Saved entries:
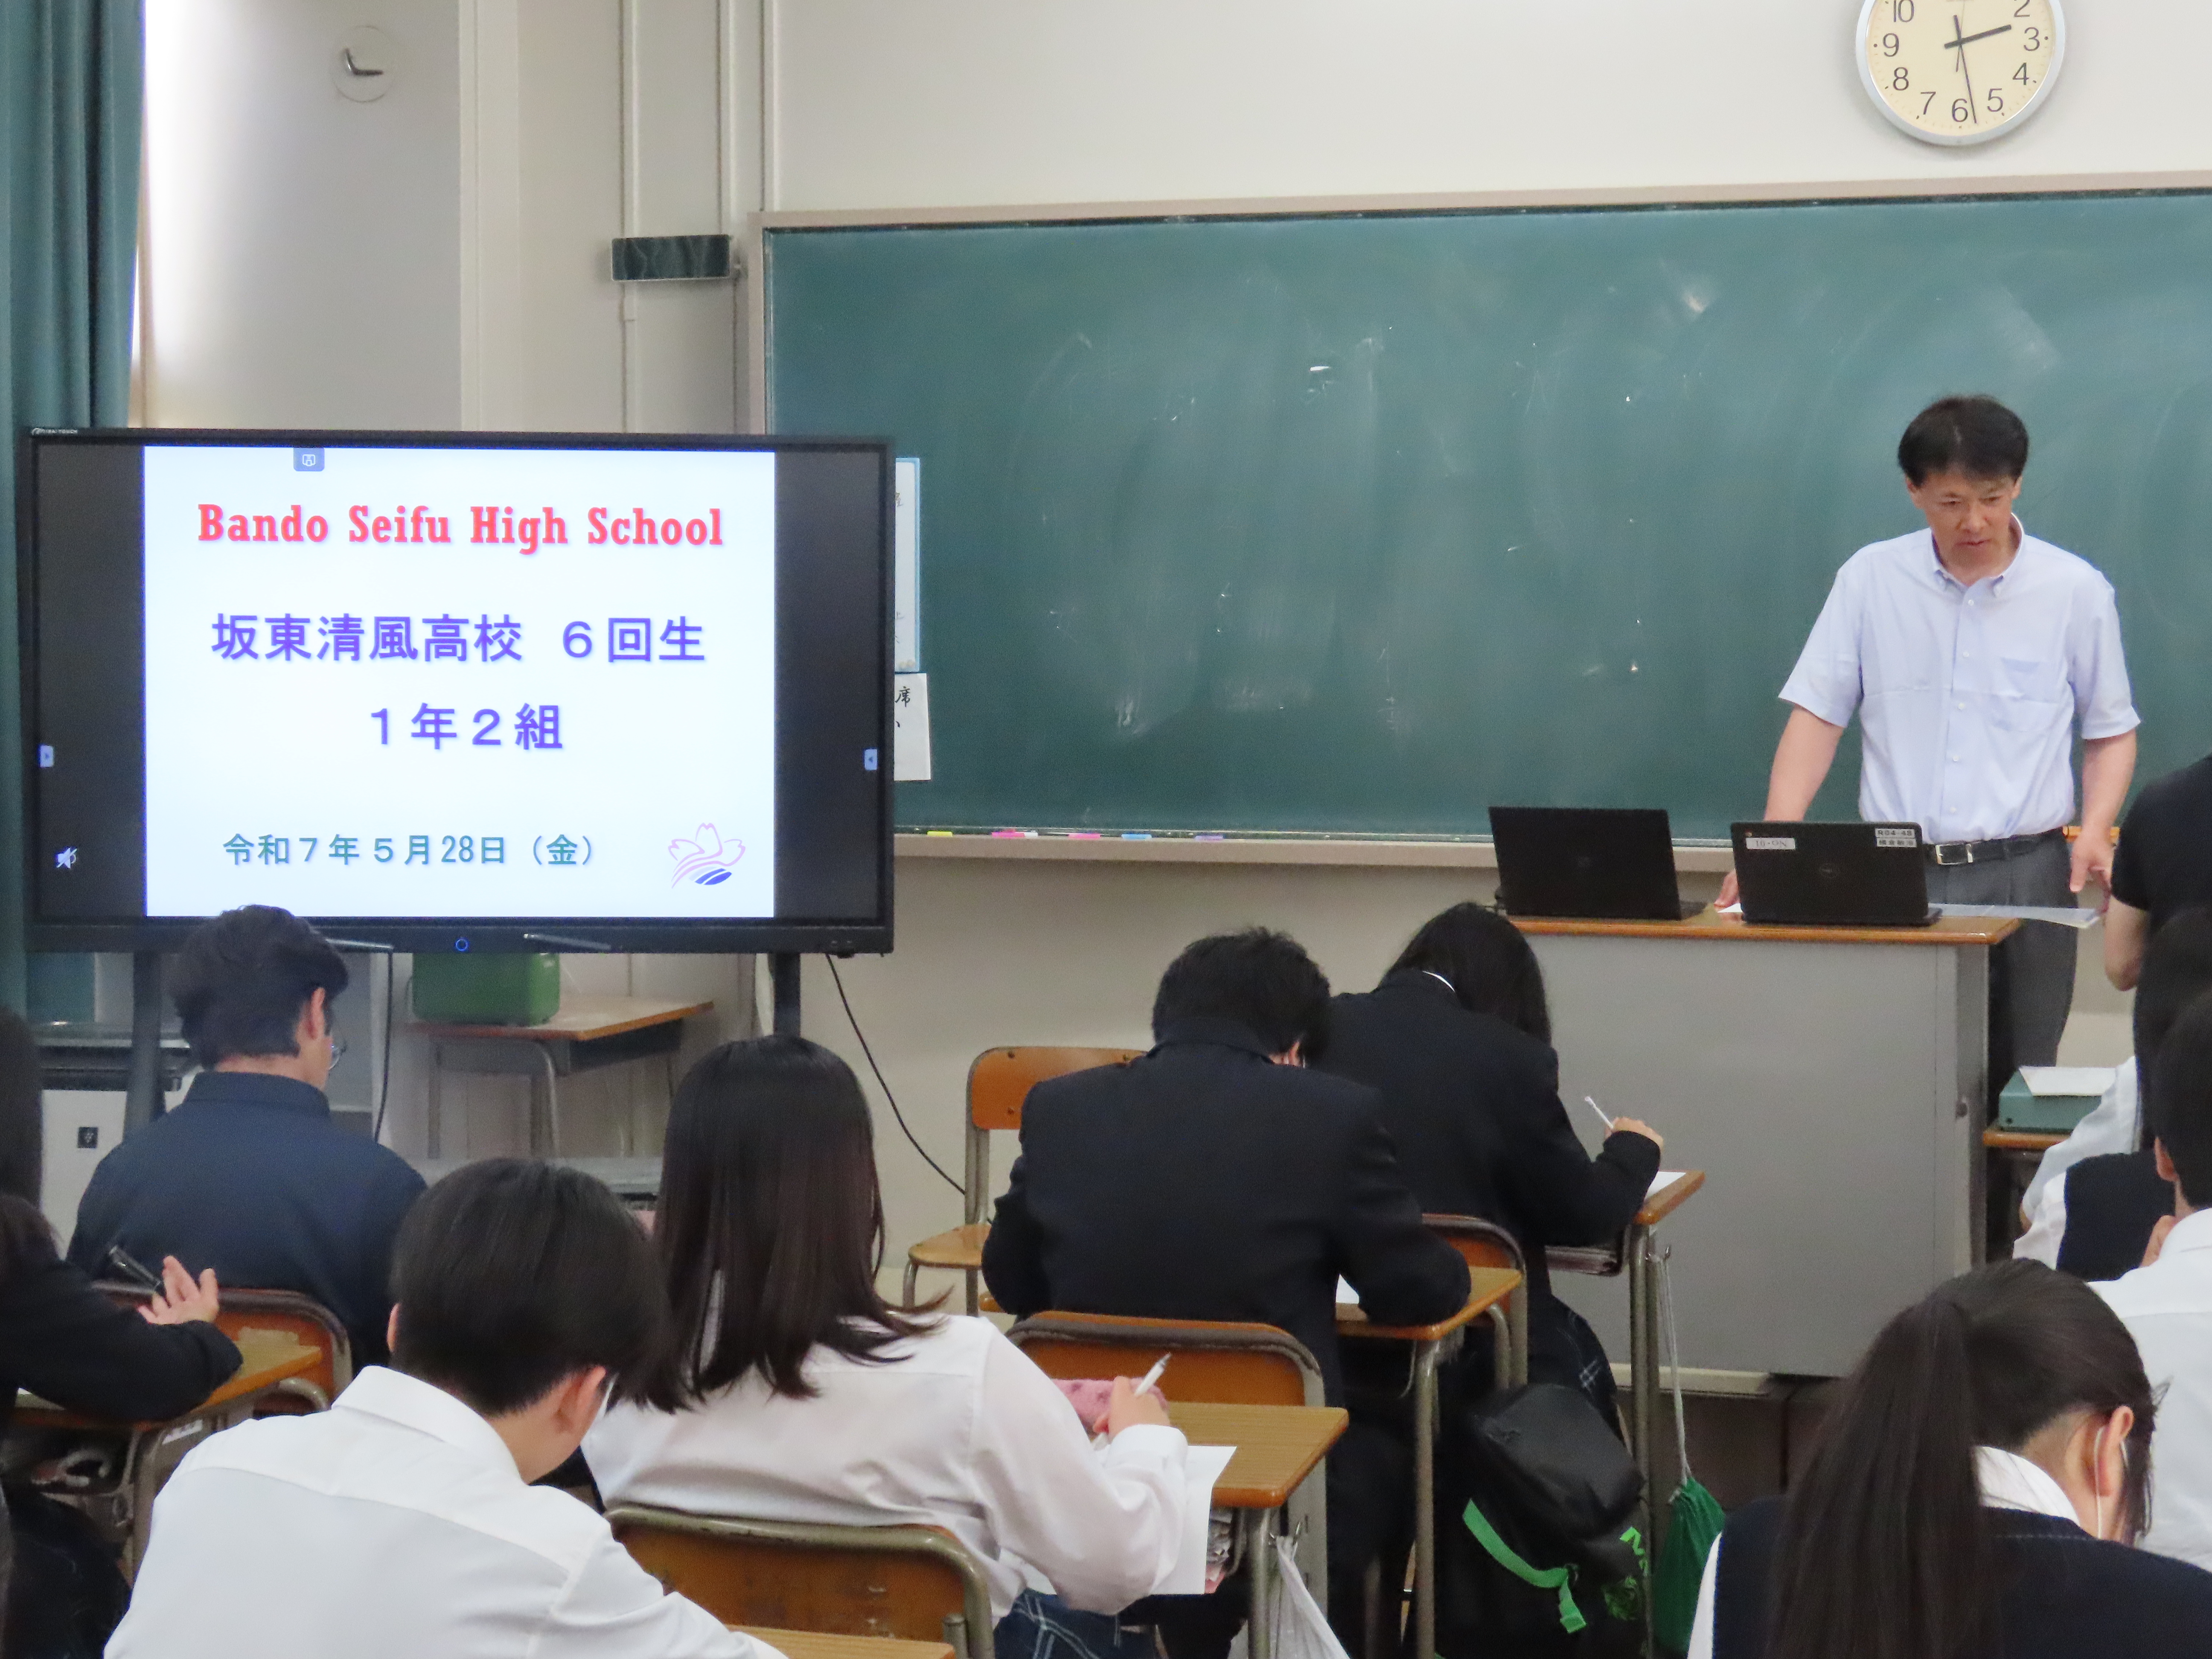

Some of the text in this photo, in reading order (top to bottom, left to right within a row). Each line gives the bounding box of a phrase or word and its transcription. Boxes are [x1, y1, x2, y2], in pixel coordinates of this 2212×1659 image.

[1894, 0, 1914, 22] 10
[2014, 0, 2030, 17] 2
[1883, 33, 1899, 57] 9
[2024, 27, 2040, 51] 3
[1893, 67, 1909, 90] 8
[2012, 62, 2029, 85] 4
[1920, 91, 1936, 115] 7
[1952, 99, 1968, 122] 6
[1987, 88, 2003, 112] 5
[198, 504, 722, 555] Bando Seifu High School
[212, 613, 705, 663] 坂東清風高校 6回生
[371, 703, 562, 750] 1年2組

PROBLEM — Copy every record exactly, dropping the images.

EXERCISE ANSWER —
Some of the text in this photo, in reading order (top to bottom, left to right within a row). Each line gives the bounding box of a phrase or word and its transcription. Boxes are [x1, y1, x2, y2], in pixel coordinates of this 2212×1659 image.

[1894, 0, 1914, 22] 10
[2014, 0, 2030, 17] 2
[1883, 33, 1899, 57] 9
[2024, 27, 2040, 51] 3
[1893, 67, 1909, 90] 8
[2012, 62, 2029, 85] 4
[1920, 91, 1936, 115] 7
[1952, 99, 1968, 122] 6
[1987, 88, 2003, 112] 5
[198, 504, 722, 555] Bando Seifu High School
[212, 613, 705, 663] 坂東清風高校 6回生
[371, 703, 562, 750] 1年2組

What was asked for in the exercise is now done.